Exercise → Print out each entry below in full, exactly as given, excluding pictures.

"""

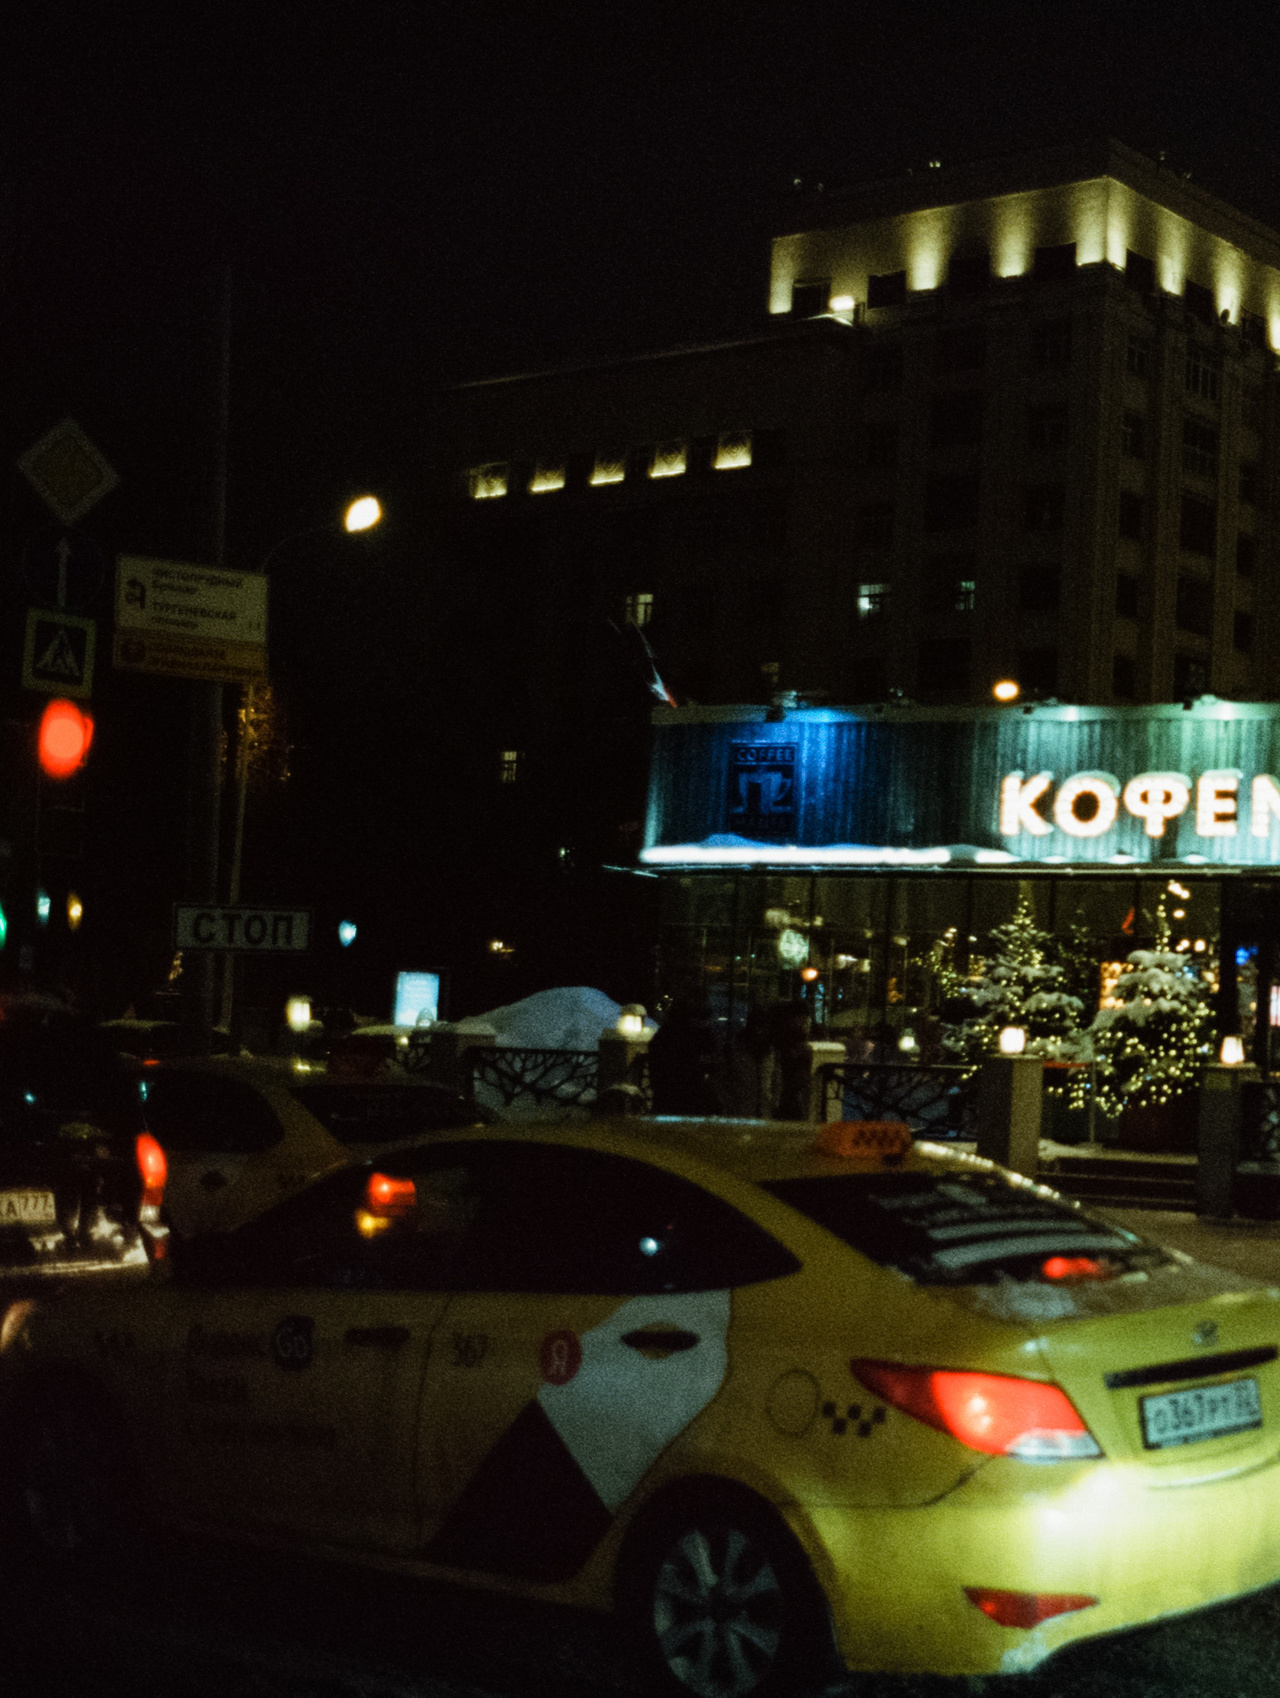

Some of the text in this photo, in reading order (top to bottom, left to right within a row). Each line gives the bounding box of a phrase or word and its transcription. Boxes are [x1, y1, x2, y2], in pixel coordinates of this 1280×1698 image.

[736, 748, 793, 762] COFFEE
[193, 912, 293, 945] СТОП
[276, 1327, 309, 1360] Go
[548, 1338, 569, 1377] Я
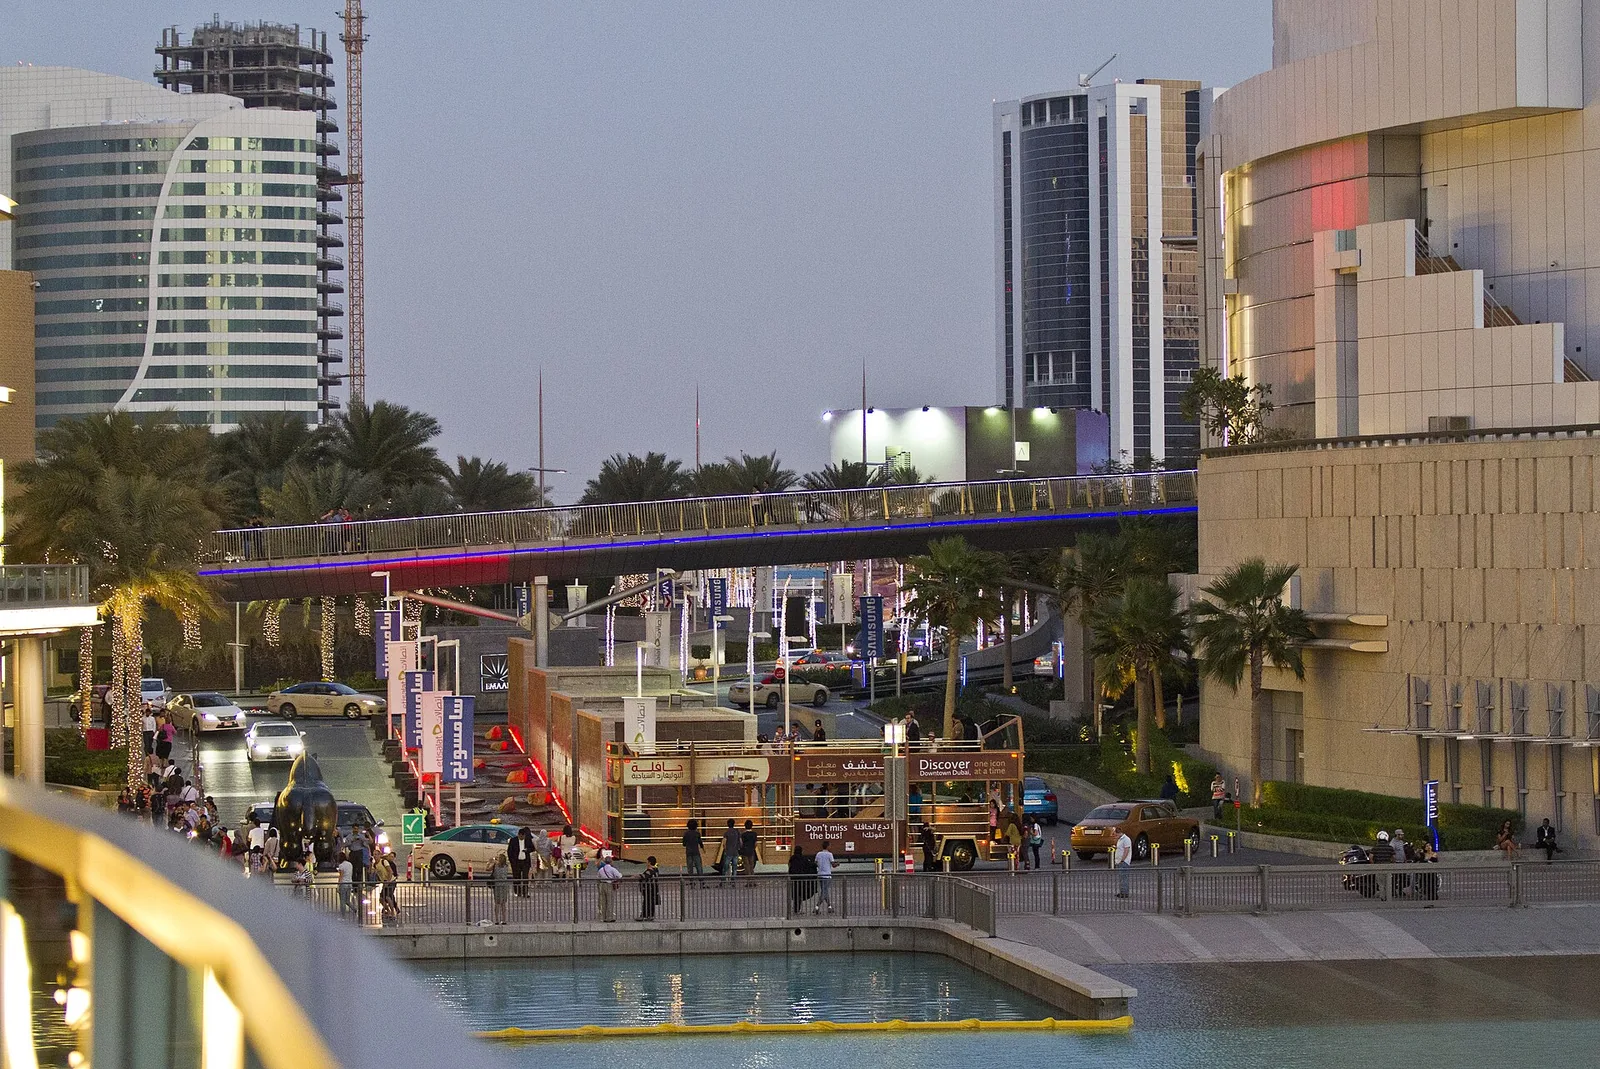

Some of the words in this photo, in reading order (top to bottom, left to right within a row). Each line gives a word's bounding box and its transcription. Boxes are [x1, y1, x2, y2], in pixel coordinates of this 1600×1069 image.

[713, 579, 722, 628] SMSUNG
[866, 597, 876, 657] SAMSUNG
[485, 682, 509, 690] EMAA
[448, 698, 468, 779] سامسونج
[631, 761, 683, 772] حافلة
[920, 759, 970, 770] Discover
[989, 767, 1006, 775] time
[805, 824, 828, 832] Don't
[829, 823, 848, 832] miss
[810, 832, 824, 840] the
[825, 832, 843, 840] bus!

"""

Exercise output →
Some of the text in this photo, in reading order (top to bottom, left to right within a row). Each line gives the bounding box of a phrase or word and its transcription. Boxes are [x1, y1, x2, y2], in pixel coordinates of this 1280×1698 image.

[736, 748, 793, 762] COFFEE
[193, 912, 293, 945] СТОП
[276, 1327, 309, 1360] Go
[548, 1338, 569, 1377] Я

Some of the words in this photo, in reading order (top to bottom, left to right within a row). Each line gives a word's bounding box and its transcription. Boxes are [x1, y1, x2, y2], in pixel coordinates of this 1600×1069 image.

[713, 579, 722, 628] SMSUNG
[866, 597, 876, 657] SAMSUNG
[485, 682, 509, 690] EMAA
[448, 698, 468, 779] سامسونج
[631, 761, 683, 772] حافلة
[920, 759, 970, 770] Discover
[989, 767, 1006, 775] time
[805, 824, 828, 832] Don't
[829, 823, 848, 832] miss
[810, 832, 824, 840] the
[825, 832, 843, 840] bus!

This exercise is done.